══ INPUT RECORDS
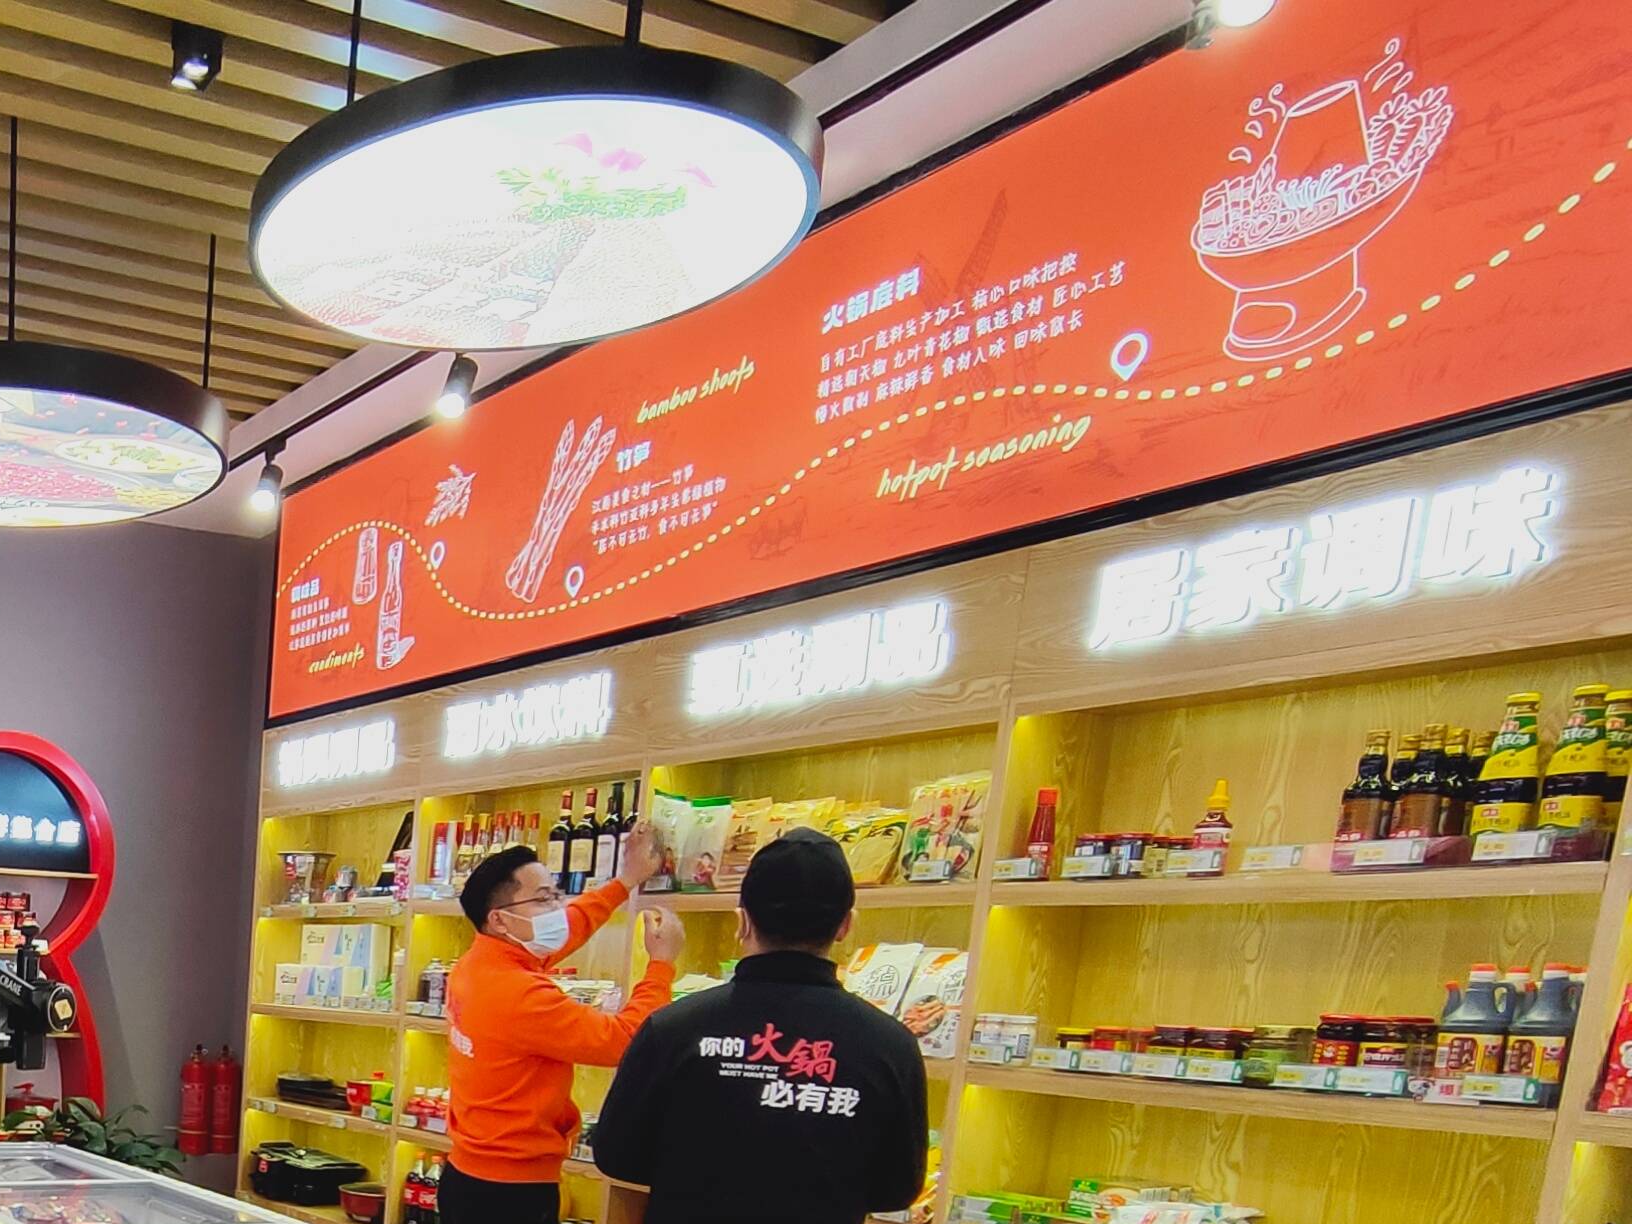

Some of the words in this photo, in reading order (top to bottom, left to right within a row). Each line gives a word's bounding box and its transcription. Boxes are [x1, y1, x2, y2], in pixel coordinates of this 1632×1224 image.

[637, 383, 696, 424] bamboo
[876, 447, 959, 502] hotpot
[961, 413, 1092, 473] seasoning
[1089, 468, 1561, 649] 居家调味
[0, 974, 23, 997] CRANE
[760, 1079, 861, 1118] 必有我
════
The records above are to be transcribed exactly, with every picture left out.

▶ RESPONSE FOR THIS EXERCISE:
Some of the words in this photo, in reading order (top to bottom, left to right within a row). Each line gives a word's bounding box and its transcription. Boxes are [x1, y1, x2, y2], in pixel coordinates of this 1632×1224 image.

[637, 383, 696, 424] bamboo
[876, 447, 959, 502] hotpot
[961, 413, 1092, 473] seasoning
[1089, 468, 1561, 649] 居家调味
[0, 974, 23, 997] CRANE
[760, 1079, 861, 1118] 必有我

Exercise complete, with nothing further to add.